(dissenting). In a prior action for damages for personal injuries through the negligent operation of an automobile owned by the All-White Laundry Service, Inc. and driven by its manager, Nathan Edelstein, plaintiff recovered judgment for $2,655.25. The laundry was insured by defendant. Defendant had at first defended that action on behalf of the laundry but later on the eve of trial disclaimed liability and withdrew on the ground that the insured had failed to comply with the terms of the policy requiring the insured to make a fair and frank disclosure of the facts and co-operate with defendant. The trial of the action for personal injuries was adjourned until defendant procured other counsel; the judgment in plaintiff’s favor was awarded against the laundry in March, 1941. Thereafter, under section 167 of the Insurance Law, plaintiff brought this action against the insurer for improperly disclaiming liability on the policy of automobile insurance issued by defendant to the laundry. After a trial before the court without a jury the trial court directed judgment on the merits in defendant’s favor; plaintiff appeals.
The insurance policy issued by defendant to the laundry contained the following conditions: that in the event of suit the insured shall immediately forward to the insurer every demand, notice, summons or other process received; that the insured shall co-operate with the insurer; and that no action shall lie against the insurer unless as a condition precedent the insured shall have fully complied with all the terms of the policy.

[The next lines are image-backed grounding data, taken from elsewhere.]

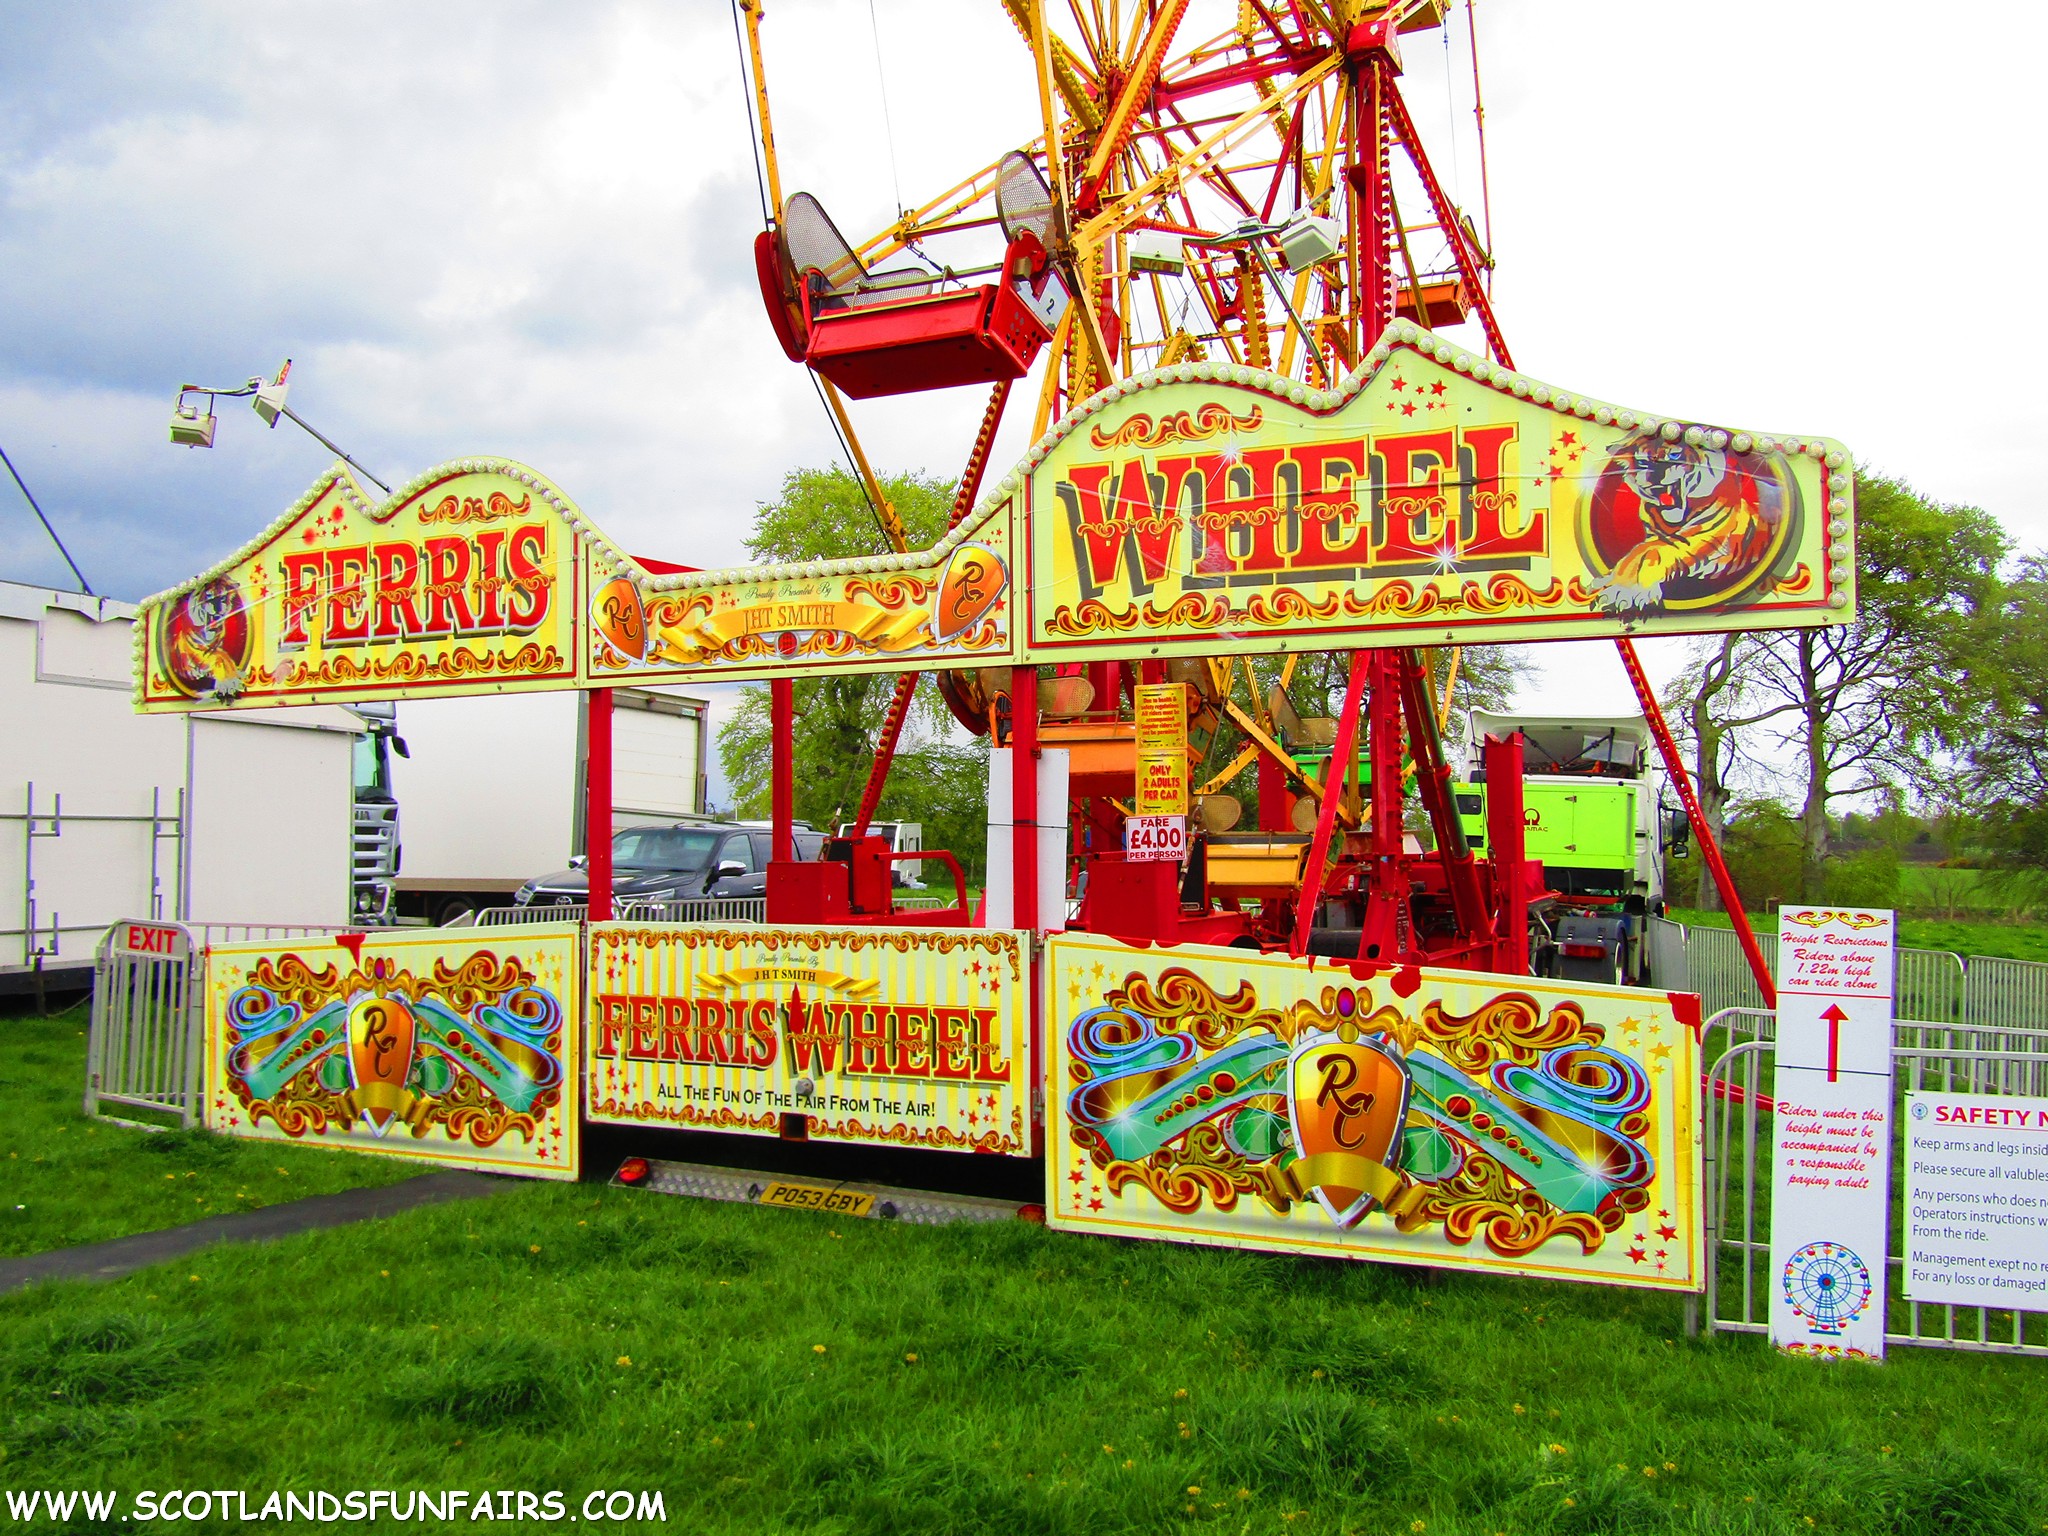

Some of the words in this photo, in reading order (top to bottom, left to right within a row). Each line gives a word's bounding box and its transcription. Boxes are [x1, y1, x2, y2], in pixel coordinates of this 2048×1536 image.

[1046, 298, 1055, 316] 2
[1060, 422, 1549, 596] WHEEL
[278, 521, 553, 650] FERRIS
[745, 587, 775, 602] Proudly
[779, 584, 815, 597] Presented
[816, 581, 832, 597] By
[742, 607, 773, 636] JHT
[777, 605, 836, 626] SMITH
[1150, 764, 1171, 776] ONLY
[1144, 778, 1148, 788] 2
[1151, 777, 1180, 788] ADULTS
[1144, 790, 1158, 800] PER
[1160, 790, 1178, 800] CAR
[1140, 818, 1170, 828] FARE
[1130, 828, 1181, 849] £4.00
[1148, 850, 1183, 858] PERSON
[128, 926, 178, 953] EXIT
[1781, 932, 1819, 946] Height
[1823, 934, 1889, 947] Restrictions
[1793, 948, 1836, 960] Riders
[1840, 951, 1876, 963] above
[781, 970, 816, 982] SMITH
[1797, 963, 1840, 975] 1.22m
[1844, 965, 1872, 979] high
[1788, 978, 1810, 986] can
[1814, 977, 1840, 987] ride
[1844, 977, 1878, 989] alone
[596, 994, 778, 1070] FERRIS
[784, 998, 1012, 1084] WHEEL
[1777, 1102, 1818, 1118] Riders
[1822, 1107, 1858, 1120] under
[1861, 1108, 1884, 1122] this
[1936, 1106, 2032, 1126] SAFETY
[1785, 1120, 1822, 1138] height
[1826, 1126, 1858, 1137] must
[1860, 1124, 1874, 1138] be
[1780, 1141, 1860, 1154] accompanied
[1863, 1142, 1878, 1158] by
[1914, 1136, 1941, 1152] Keep
[1944, 1141, 1970, 1152] arms
[1973, 1141, 1994, 1153] and
[1997, 1141, 2020, 1156] legs
[1786, 1158, 1795, 1166] a
[1800, 1158, 1866, 1172] responsible
[1914, 1162, 1948, 1174] Please
[1950, 1166, 1986, 1178] secure
[1988, 1166, 2002, 1178] all
[1786, 1174, 1831, 1190] paying
[1834, 1176, 1870, 1189] adult
[825, 1193, 866, 1212] GBY
[1913, 1188, 1934, 1202] Any
[1936, 1192, 1980, 1203] persons
[1982, 1193, 2007, 1205] who
[2010, 1194, 2037, 1208] does
[2040, 1198, 2048, 1208] n
[1912, 1206, 1967, 1222] Operators
[1970, 1210, 2035, 1226] instructions
[1913, 1224, 1941, 1238] From
[1944, 1226, 1962, 1240] the
[1964, 1228, 1989, 1241] ride.
[1912, 1250, 1986, 1268] Management
[1988, 1259, 2020, 1272] exept
[2022, 1261, 2038, 1272] no
[1912, 1269, 1930, 1280] For
[1932, 1272, 1953, 1286] any
[1954, 1272, 1976, 1284] loss
[1978, 1276, 1990, 1286] or
[1992, 1276, 2046, 1292] damaged

Plaintiff was injured on April 13, 1940. Nathan Edelstein, the driver of the laundry’s automobile at the time of the accident, and his brother, Hyman, were general managers of the laundry and had charge of its affairs. Plaintiff lived a few doors from the laundry and Hyman had known him for some years. Nathan’s signature was the only one necessary on ehepks. Accordingly, his acts and omissions in relation to the issue of co-operation could be considered the acts and omissions of the insured.

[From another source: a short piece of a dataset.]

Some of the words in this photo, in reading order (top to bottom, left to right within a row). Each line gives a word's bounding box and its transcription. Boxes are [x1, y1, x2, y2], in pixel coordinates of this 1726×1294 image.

On April 19,1940, Nathan Edelstein gave defendant a written statement in which he said that while the laundry car was stopped plaintiff walked into the rear of the car. In September, 1940, without notice to defendant, Edelstein sent a report to the Motor Vehicle Bureau in which he stated that he accidentally struck the plaintiff, a pedestrian, while backing the car out of West 97th Street and that he, the driver, did not have the right of way. On March 3, 1940, Edelstein attended a hearing before the Motor Vehicle Commission where he testified that the acci*289dent had happened while he was backing out of West 97th Street. On the trial of the original action Edelstein first said that the accident happened while the car was standing still but on cross-examination admitted that he backed up.
On the facts disclosed we think we should not say the trial court erred in concluding that the insured had violated the conditions of the policy by failing to co-operate with the insurer.

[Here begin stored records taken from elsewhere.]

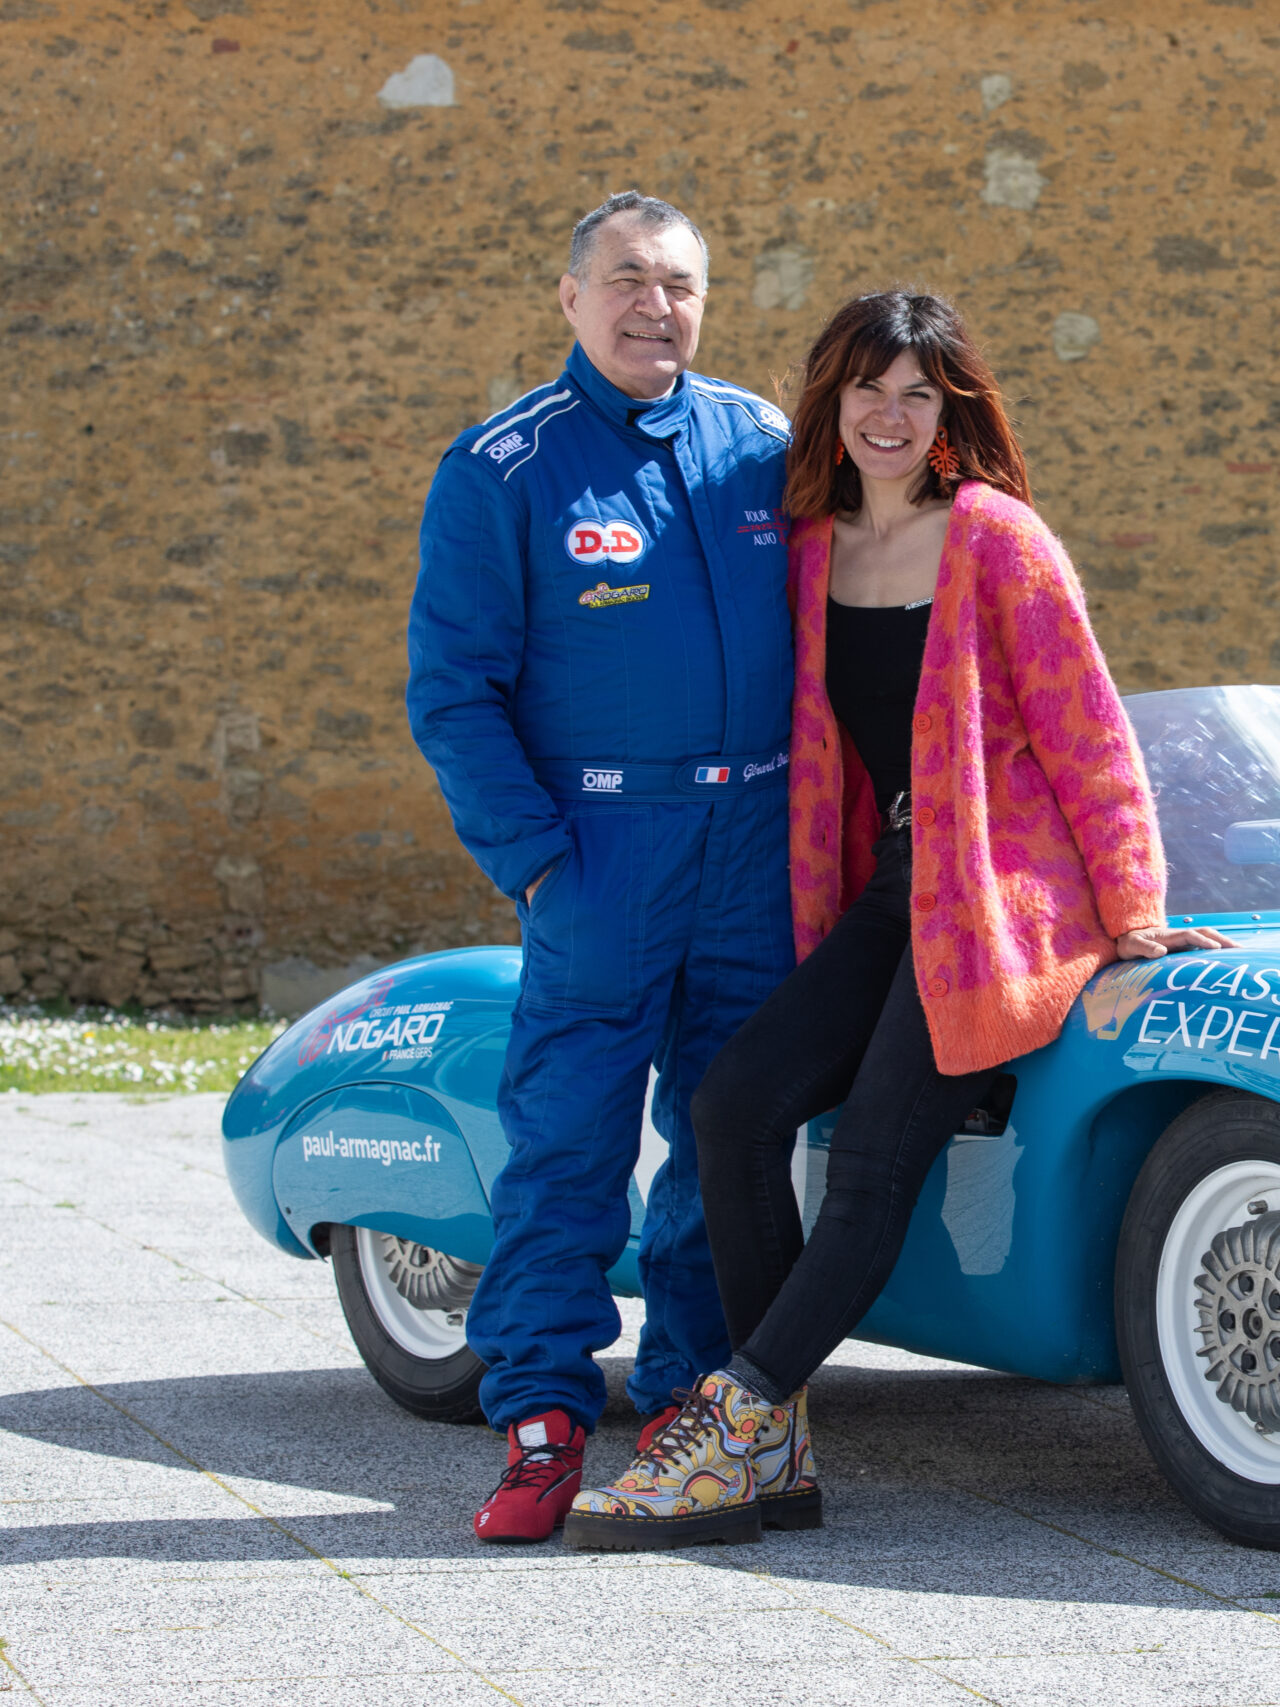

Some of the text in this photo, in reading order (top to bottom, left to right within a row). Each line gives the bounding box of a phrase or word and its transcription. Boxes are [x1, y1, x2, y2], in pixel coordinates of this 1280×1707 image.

[490, 434, 523, 460] OMP
[743, 509, 770, 522] TOUR
[753, 531, 777, 546] AUTO
[592, 586, 648, 602] NOGARO
[582, 772, 623, 789] OMP
[369, 1001, 454, 1019] CIRCUIT PAUL ARMAGNAC
[327, 1013, 446, 1055] NOGARO
[388, 1046, 432, 1060] FRANCE GERS
[303, 1130, 441, 1166] paul-armagnac.fr

The Court of Appeals in Coleman v. New Amsterdam Casualty Co. (247 N. Y. 271, 276) states the applicable rule as follows: “ Co-operation does not mean that the assured is to combine with the insurer to present a sham defense. Co-operatian does mean that there shall be a fair and frank disclosure of information reasonably demanded by the insurer to enable it to determine whether there is a genuine defense.”
The actions of this insured through its manager Edelstein evince lack of co-operation. First he gave the insurer a written statement completely exonerating himself and the defendant from any liability. Then without notice to the insurer he placed on file with the Motor Vehicle Bureau a written report completely at variance with the story he gave the insurer and admitting responsibility for the accident. Later, and again without notice to the insurer, he testified before the Motor Vehicle Bureau to a story admitting liability.
Edelstein was bound at all times to tell the truth and the terms of the policy required that he give notice of any demand or other process received. Edelstein’s signed report to the Motor Vehicle Bureau and his testimony before the Bureau, clearly of great weight and importance on the trial of the issue of negligence, related to the essential issues presented for determination on this trial. Under all the facts and circumstances disclosed, no error was committed in receiving them in evidence. As there was no jury the receipt of the Goldstein affidavit was not prejudicial reversible error.
The arguments that the insurer would be no better off if the insured had made full and truthful disclosure, and that the company could have found out by its own investigation the facts including the contradictory admissions of liability misconceive the effect of refusal to co-operate.
Accordingly, we dissent and vote to affirm.
Untermyer and Callahan, JJ., concur with Cohn, J.; Dore, J., dissents and votes to affirm, in opinion, in which Martin, P. J., concurs.
Judgment reversed and a new trial ordered, with costs to the appellant to abide the event. Settle order on notice.